L’inopposabilité du cahier des charges libère la vente des espaces communs rétrocédés

Publié le : 09/09/2026 09 septembre sept. 09 2026

La cession d’un terrain communal issu des espaces communs d’un lotissement ne demeure pas nécessairement soumise aux prescriptions contractuelles initiales. Par un arrêt du 3 septembre 2026, la Cour de cassation juge que la commune bénéficiaire de la rétrocession de l’ensemble de ces espaces n’acquiert pas la qualité de coloti. Le cahier des charges ne peut dès lors lui être opposé.

La vente redevient possible après la sortie du domaine public

Le terrain litigieux, affecté à un espace vert et supportant des ouvrages collectifs, avait été transféré à la commune conformément au cahier des charges. Après son incorporation au domaine public communal, il relevait du régime défini notamment par l’article L. 2111-1 du Code général de la propriété des personnes publiques.

La commune avait ensuite constaté la désaffectation du bien, puis prononcé son déclassement au moyen de plusieurs délibérations. Celles-ci n’ayant fait l’objet d’aucun recours, le terrain avait intégré le domaine privé communal. Il pouvait donc être vendu à une SCI, laquelle y avait édifié un immeuble.

Les propriétaires du lotissement sollicitaient néanmoins l’annulation de cette vente, en faisant valoir que l’affectation en espace vert stipulée par le cahier des charges continuait de s’imposer à la commune.

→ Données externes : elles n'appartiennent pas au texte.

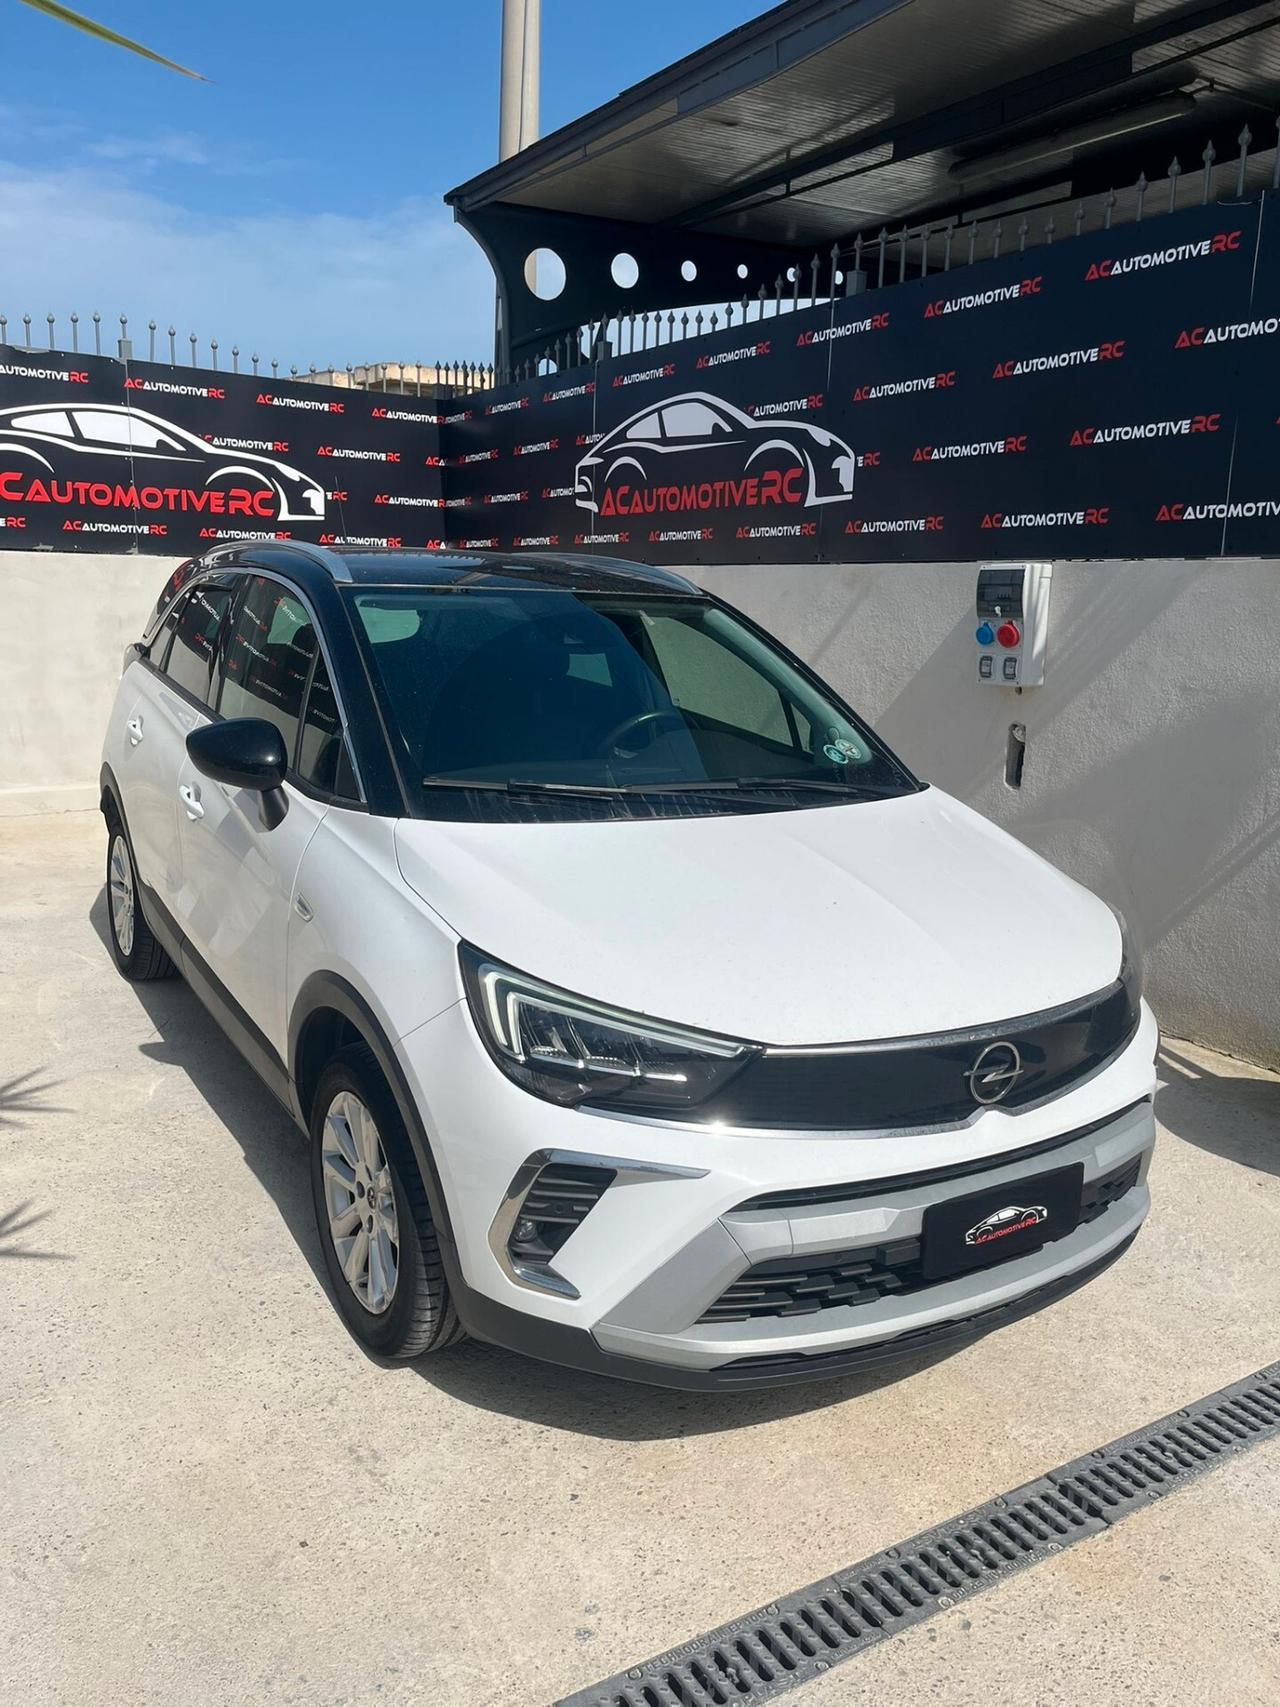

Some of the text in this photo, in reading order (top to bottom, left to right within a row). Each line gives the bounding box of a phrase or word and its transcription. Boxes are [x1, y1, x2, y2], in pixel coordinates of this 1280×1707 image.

[1085, 231, 1242, 280] ACAUTOMOTIVERC
[924, 276, 1042, 318] ACAUTOMOTIVERC
[796, 312, 889, 346] ACAUTOMOTIVERC
[696, 341, 771, 368] ACAUTOMOTIVERC
[993, 341, 1125, 378] ACAUTOMOTIVERC
[612, 363, 676, 387] ACAUTOMOTIVERC
[124, 378, 224, 399] ACAUTOMOTIVERC
[543, 382, 595, 403] ACAUTOMOTIVERC
[853, 371, 956, 401] ACAUTOMOTIVERC
[256, 393, 344, 413] ACAUTOMOTIVERC
[485, 397, 529, 416] ACAUTOMOTIVERC
[744, 394, 824, 417] AUTOMOTIVERC
[1070, 414, 1221, 446] ACAUTOMOTIVERC
[317, 446, 400, 462] ACAUTOMOTIVERC
[513, 438, 559, 456] ACAUTOMOTIVERC
[912, 436, 1027, 462] ACAUTOMOTIVERC
[856, 452, 880, 467] ERC
[600, 468, 803, 516] ACAUTOMOTIVERC
[63, 520, 167, 535] ACAUTOMOTIVERC
[845, 516, 944, 534] ACAUTOMOTIVERC
[981, 508, 1109, 529] ACAUTOMOTIVERC
[513, 535, 559, 546] ACAUTOMOTIVERC
[574, 532, 630, 544] ACAUTOMOTIVERC
[648, 528, 713, 541] ACAUTOMOTIVERC
[736, 523, 816, 537] ACAUTOMOTIVERC
[976, 1217, 1036, 1245] ACAUTOMOTIVERC

Le transfert intégral prive la commune de la qualité de coloti

La Cour de cassation rejette cette analyse. Le cahier des charges du lotissement régit principalement les droits et obligations réciproques des colotis ainsi que l’administration des parties communes. Son opposabilité suppose donc que la personne concernée soit propriétaire d’un lot compris dans le périmètre contractuel.

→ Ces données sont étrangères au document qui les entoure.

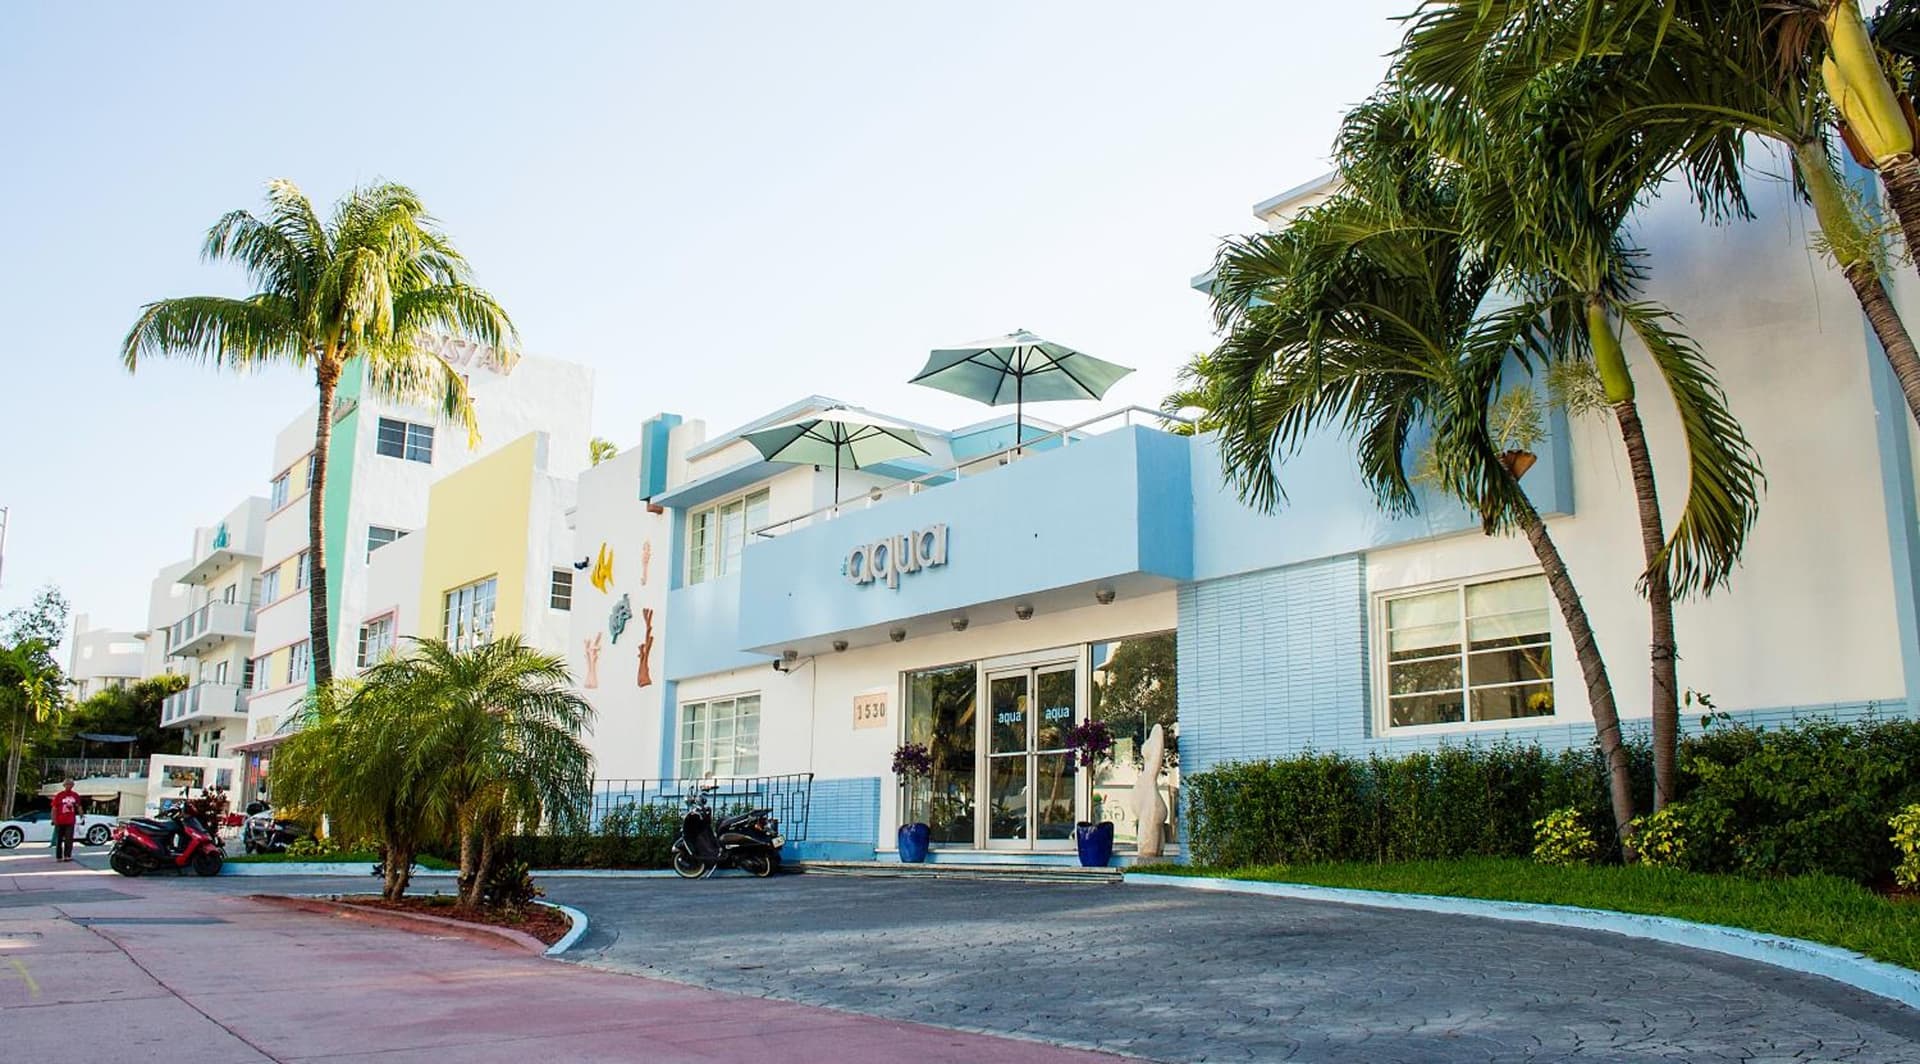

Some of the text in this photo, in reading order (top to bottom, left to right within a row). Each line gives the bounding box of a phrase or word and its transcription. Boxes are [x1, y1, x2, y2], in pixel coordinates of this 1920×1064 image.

Or, en application des articles R. 442-7 et R. 442-8 du Code de l’urbanisme, la rétrocession à une commune de la totalité des voies et espaces communs ne lui confère pas la propriété d’un lot. Cette opération exclut ainsi toute qualification de coloti.

Les obligations contractuelles attachées aux rapports entre propriétaires ne pouvaient, par conséquent, limiter les prérogatives de la commune sur le bien déclassé. Le pourvoi est rejeté et la vente ne peut être annulée sur le fondement du cahier des charges.